** Opening Records provided block **

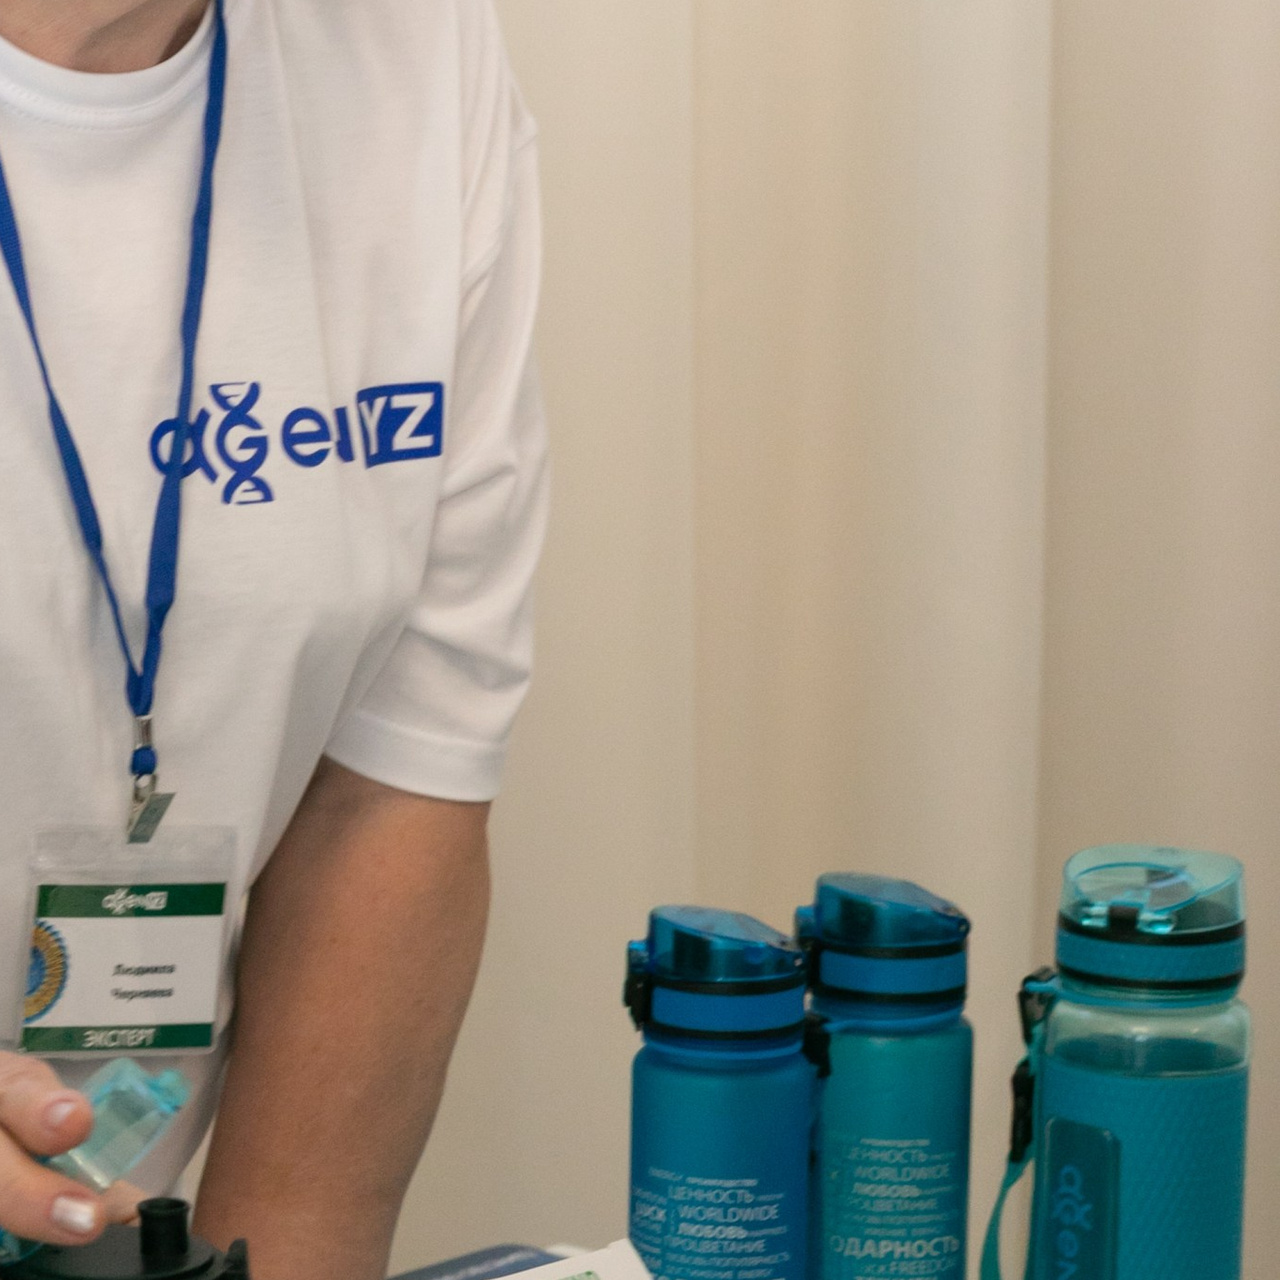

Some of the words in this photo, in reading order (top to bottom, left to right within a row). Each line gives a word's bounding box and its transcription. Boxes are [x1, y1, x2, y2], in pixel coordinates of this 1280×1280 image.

[82, 1027, 156, 1048] ЭКСПЕРТ
[677, 1203, 780, 1223] WORLDWIDE
[677, 1222, 749, 1240] ЛЮБОВЬ
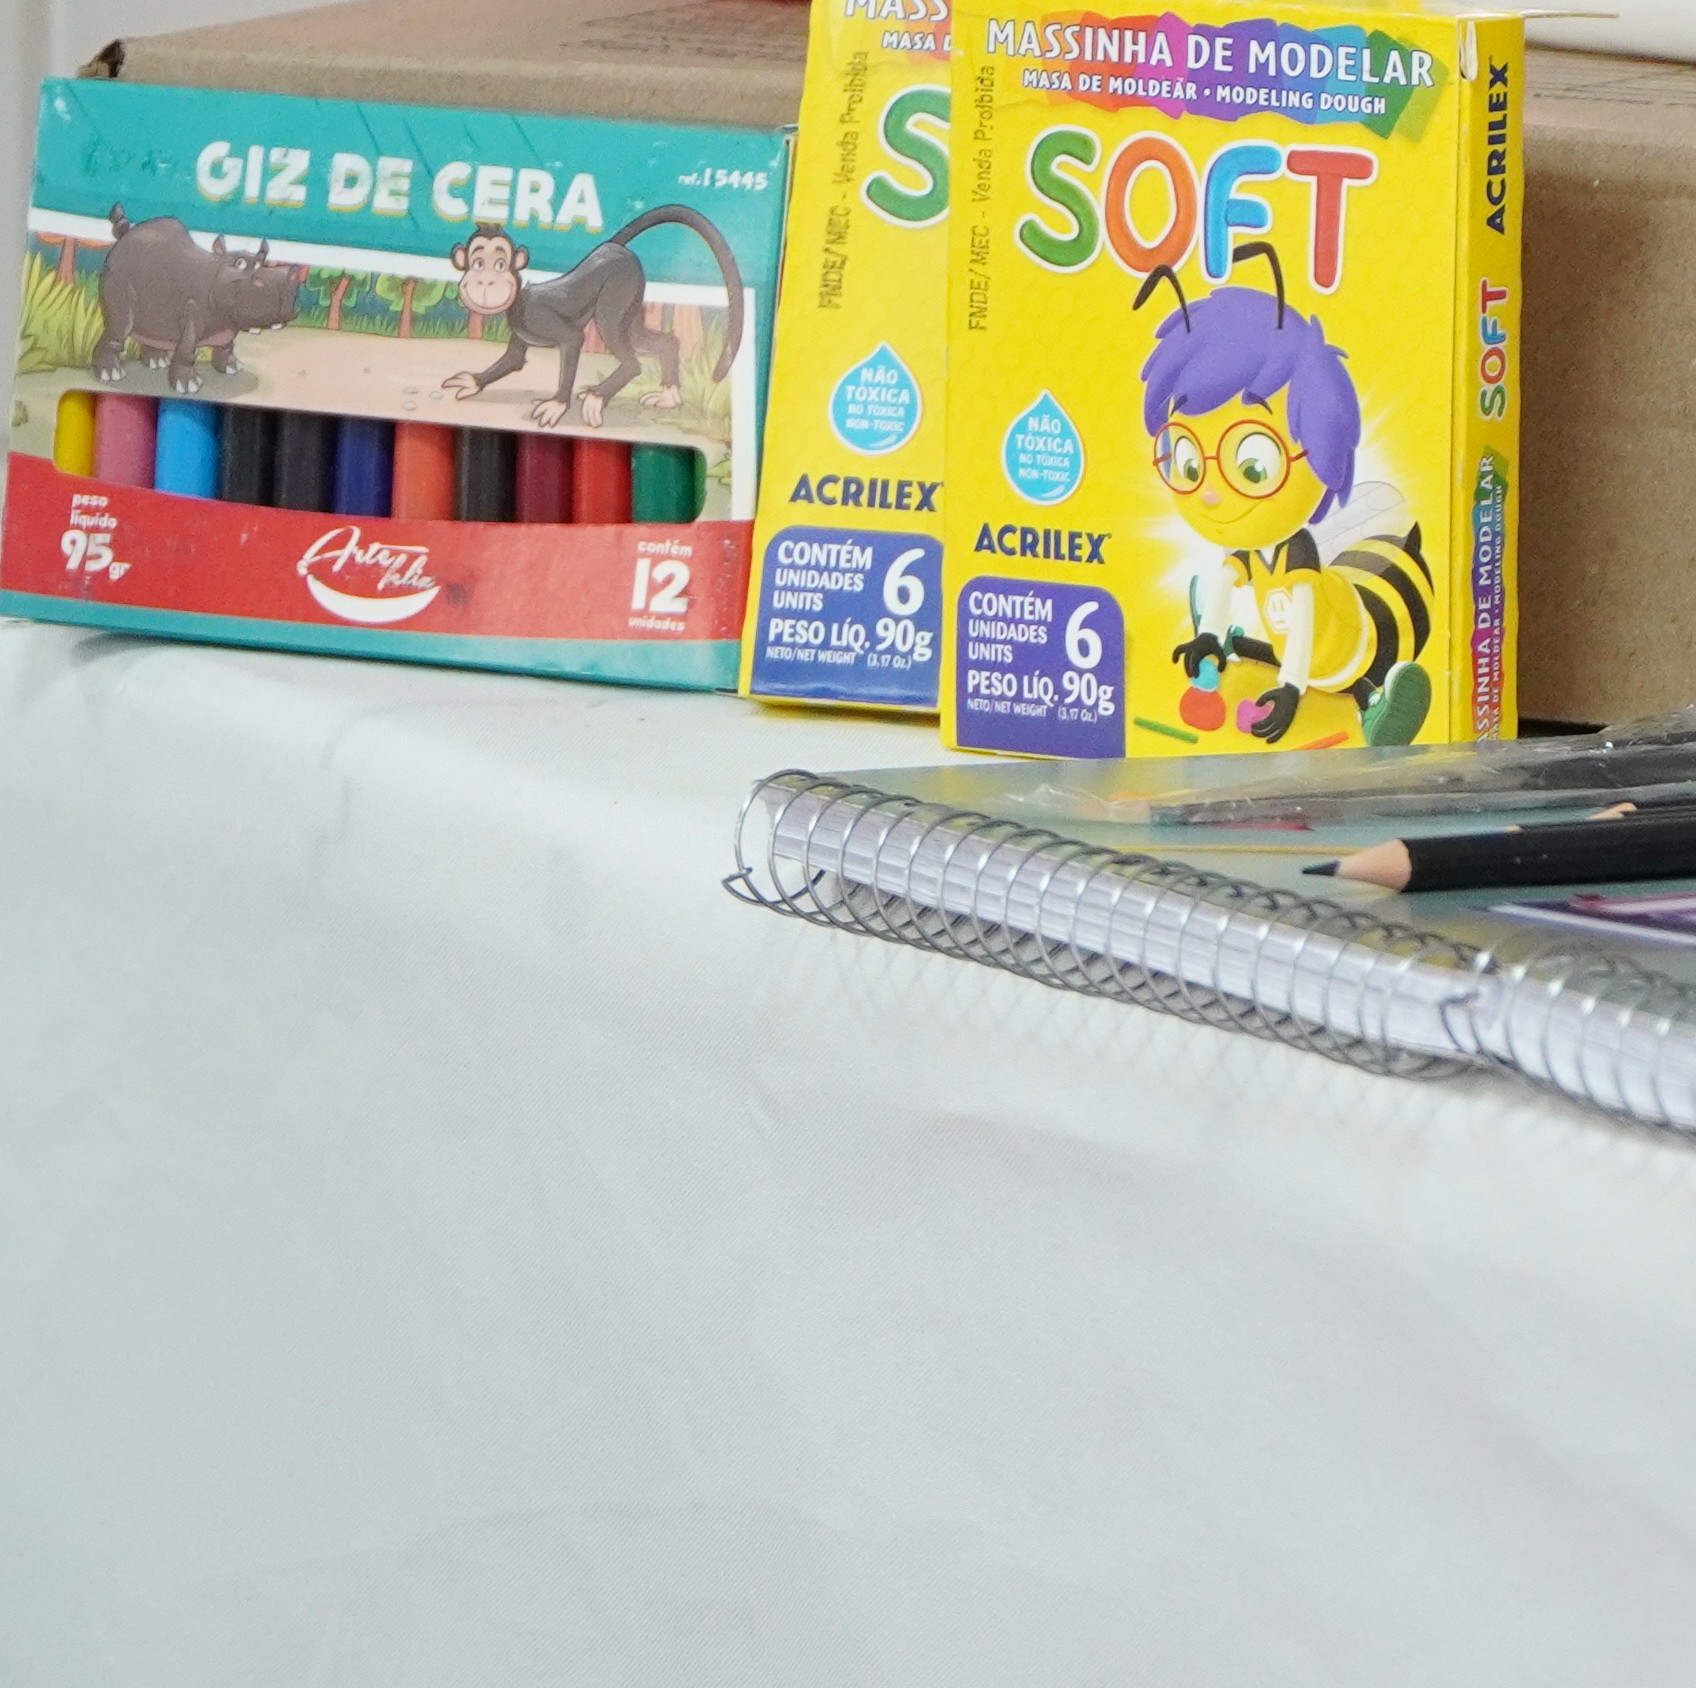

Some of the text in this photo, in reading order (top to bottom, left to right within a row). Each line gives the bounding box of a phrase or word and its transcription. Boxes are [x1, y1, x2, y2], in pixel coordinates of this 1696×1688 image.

[882, 30, 937, 53] MASA
[987, 18, 1436, 88] MASSINHA DE MODELAR
[1022, 68, 1388, 116] MASA DE MODELING DOUGH
[1485, 62, 1510, 235] ACRILEX
[196, 140, 605, 232] GIZ DE CERA
[970, 145, 994, 267] MEC Venda
[1017, 128, 1379, 297] SOFT
[1480, 277, 1510, 420] SOFT
[860, 364, 898, 385] NÃO
[845, 384, 910, 404] TÓXICA
[1027, 414, 1063, 434] NÃO
[1015, 432, 1075, 454] TÓXICA
[71, 492, 109, 511] peso
[789, 473, 938, 513] ACRILEX
[70, 509, 118, 530] líquido
[297, 525, 430, 575] Arte
[637, 539, 694, 559] contém
[777, 539, 873, 570] CONTÉM
[973, 523, 1106, 565] ACRILEX
[1477, 452, 1495, 631] DE MODELAR
[630, 556, 690, 613] 12
[775, 569, 865, 592] UNIDADES
[882, 547, 926, 617] 6
[772, 591, 824, 611] UNITS
[968, 591, 1053, 623] CONTÉM
[627, 614, 687, 633] unidades
[768, 617, 934, 662] PESO LÍQ. 90g
[968, 620, 1048, 645] UNIDADES
[1065, 600, 1103, 669] 6
[816, 649, 856, 665] WEIGHT
[967, 643, 1014, 664] UNITS
[967, 669, 1116, 716] PESO LÍQ. 90g
[1012, 701, 1047, 718] WEIGHT
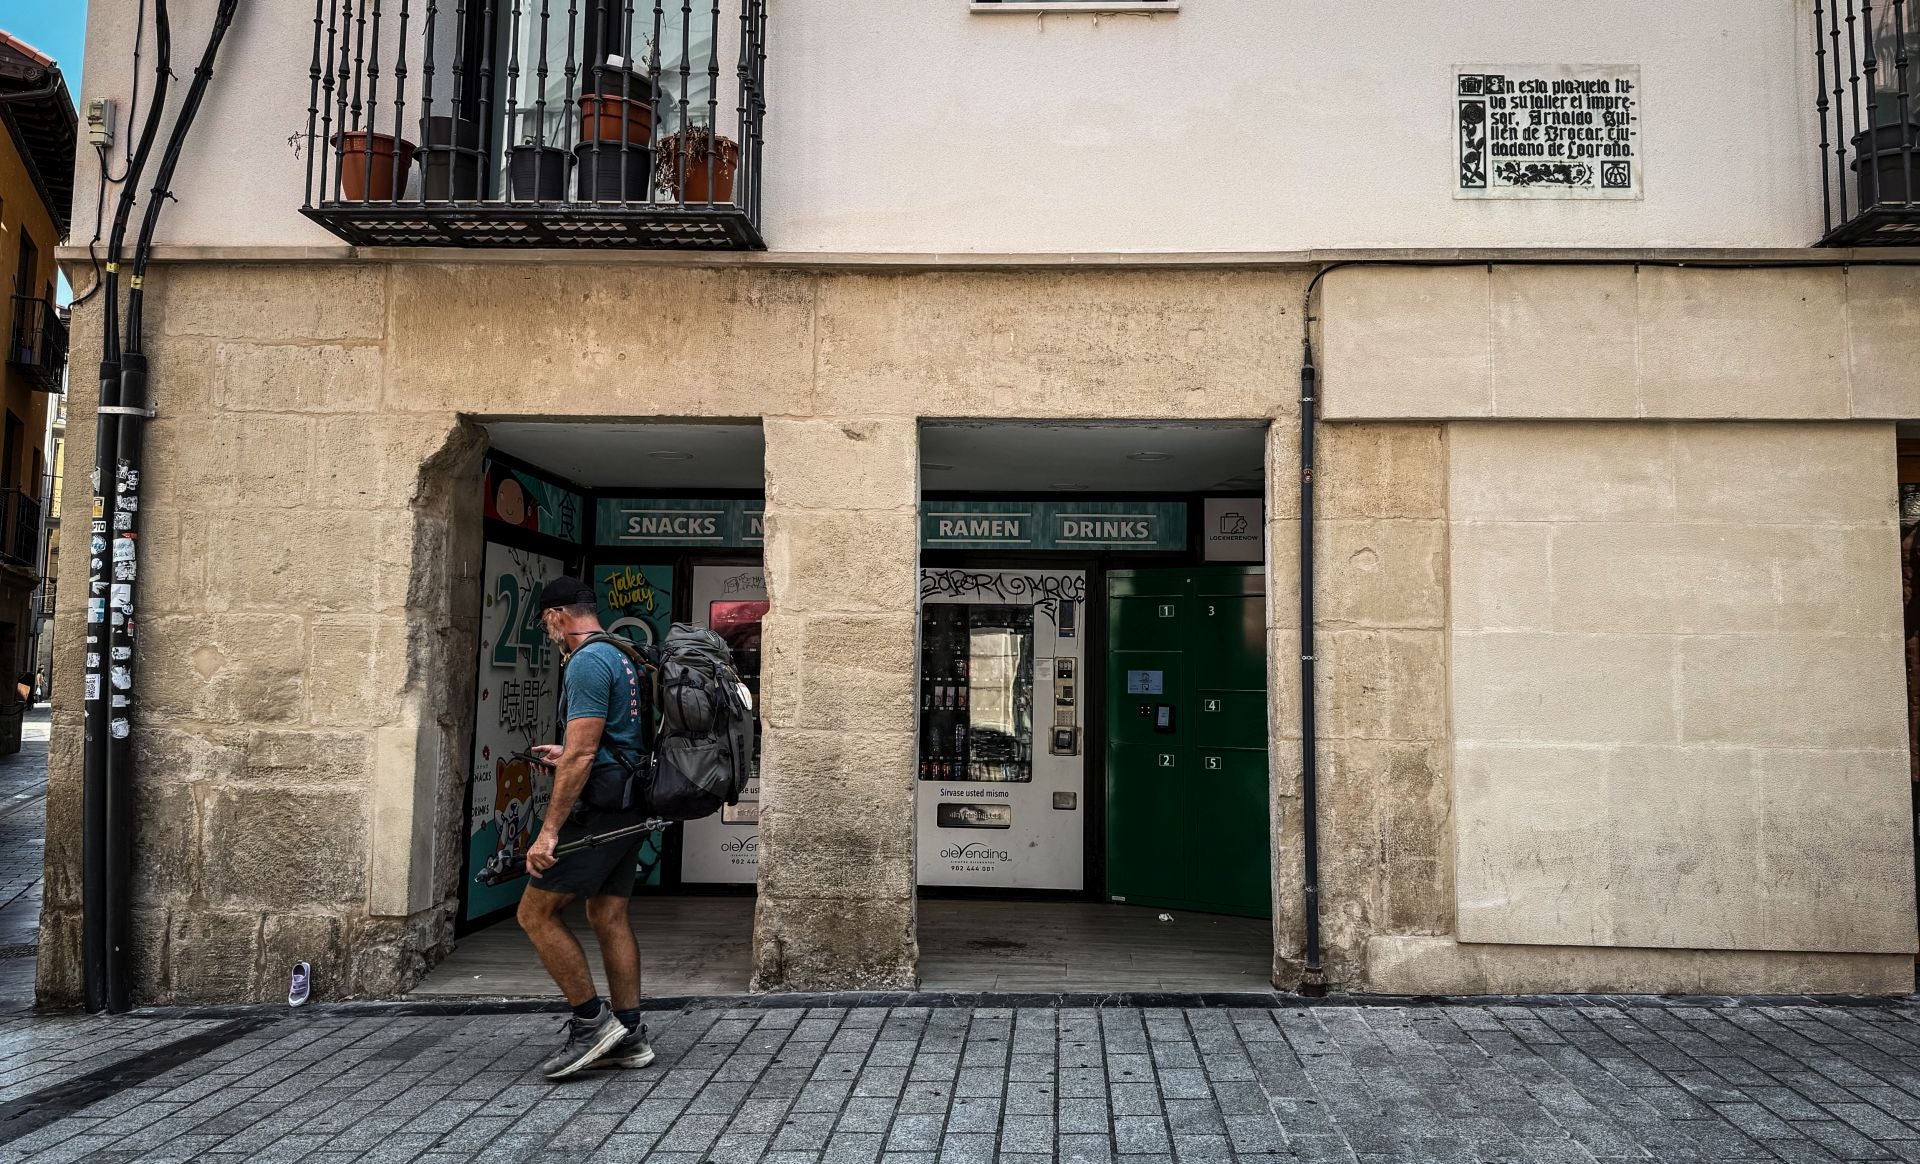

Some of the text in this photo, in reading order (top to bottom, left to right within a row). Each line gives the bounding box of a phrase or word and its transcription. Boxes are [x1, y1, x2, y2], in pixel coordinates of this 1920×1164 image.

[1519, 79, 1548, 94] esta
[1552, 79, 1610, 95] plazuela
[1511, 95, 1528, 110] su
[1530, 94, 1567, 110] taller
[1570, 94, 1583, 110] el
[1586, 93, 1636, 111] impre-
[1528, 109, 1593, 126] Arnaldo
[1602, 109, 1637, 127] Gui-
[1490, 125, 1518, 141] llen
[1523, 126, 1540, 141] de
[1491, 140, 1635, 159] dadano de Logroño.
[627, 516, 716, 534] SNACKS
[939, 519, 1020, 537] RAMEN
[1062, 520, 1150, 538] DRINKS
[603, 565, 645, 592] Take
[607, 586, 655, 611] Away
[1208, 606, 1216, 616] 3
[493, 573, 543, 670] 24
[621, 657, 638, 717] ESCAPE
[500, 680, 541, 728] 時間
[1208, 700, 1216, 711] 4
[1162, 755, 1170, 766] 2
[1209, 758, 1217, 768] 5
[940, 787, 1009, 798] Sírvase usted mismo

** Closing Records provided block **

The problem: Reproduce the complete set of records verbatim and omit the pictures.

Expected answer:
Some of the words in this photo, in reading order (top to bottom, left to right within a row). Each line gives a word's bounding box and its transcription. Boxes are [x1, y1, x2, y2], in pixel coordinates of this 1280×1280 image.

[82, 1027, 156, 1048] ЭКСПЕРТ
[677, 1203, 780, 1223] WORLDWIDE
[677, 1222, 749, 1240] ЛЮБОВЬ

Some of the text in this photo, in reading order (top to bottom, left to right within a row). Each line gives the bounding box of a phrase or word and its transcription. Boxes are [x1, y1, x2, y2], in pixel coordinates of this 1696×1688 image.

[882, 30, 937, 53] MASA
[987, 18, 1436, 88] MASSINHA DE MODELAR
[1022, 68, 1388, 116] MASA DE MODELING DOUGH
[1485, 62, 1510, 235] ACRILEX
[196, 140, 605, 232] GIZ DE CERA
[970, 145, 994, 267] MEC Venda
[1017, 128, 1379, 297] SOFT
[1480, 277, 1510, 420] SOFT
[860, 364, 898, 385] NÃO
[845, 384, 910, 404] TÓXICA
[1027, 414, 1063, 434] NÃO
[1015, 432, 1075, 454] TÓXICA
[71, 492, 109, 511] peso
[789, 473, 938, 513] ACRILEX
[70, 509, 118, 530] líquido
[297, 525, 430, 575] Arte
[637, 539, 694, 559] contém
[777, 539, 873, 570] CONTÉM
[973, 523, 1106, 565] ACRILEX
[1477, 452, 1495, 631] DE MODELAR
[630, 556, 690, 613] 12
[775, 569, 865, 592] UNIDADES
[882, 547, 926, 617] 6
[772, 591, 824, 611] UNITS
[968, 591, 1053, 623] CONTÉM
[627, 614, 687, 633] unidades
[768, 617, 934, 662] PESO LÍQ. 90g
[968, 620, 1048, 645] UNIDADES
[1065, 600, 1103, 669] 6
[816, 649, 856, 665] WEIGHT
[967, 643, 1014, 664] UNITS
[967, 669, 1116, 716] PESO LÍQ. 90g
[1012, 701, 1047, 718] WEIGHT

Some of the text in this photo, in reading order (top to bottom, left to right within a row). Each line gives the bounding box of a phrase or word and its transcription. Boxes are [x1, y1, x2, y2], in pixel coordinates of this 1920×1164 image.

[1519, 79, 1548, 94] esta
[1552, 79, 1610, 95] plazuela
[1511, 95, 1528, 110] su
[1530, 94, 1567, 110] taller
[1570, 94, 1583, 110] el
[1586, 93, 1636, 111] impre-
[1528, 109, 1593, 126] Arnaldo
[1602, 109, 1637, 127] Gui-
[1490, 125, 1518, 141] llen
[1523, 126, 1540, 141] de
[1491, 140, 1635, 159] dadano de Logroño.
[627, 516, 716, 534] SNACKS
[939, 519, 1020, 537] RAMEN
[1062, 520, 1150, 538] DRINKS
[603, 565, 645, 592] Take
[607, 586, 655, 611] Away
[1208, 606, 1216, 616] 3
[493, 573, 543, 670] 24
[621, 657, 638, 717] ESCAPE
[500, 680, 541, 728] 時間
[1208, 700, 1216, 711] 4
[1162, 755, 1170, 766] 2
[1209, 758, 1217, 768] 5
[940, 787, 1009, 798] Sírvase usted mismo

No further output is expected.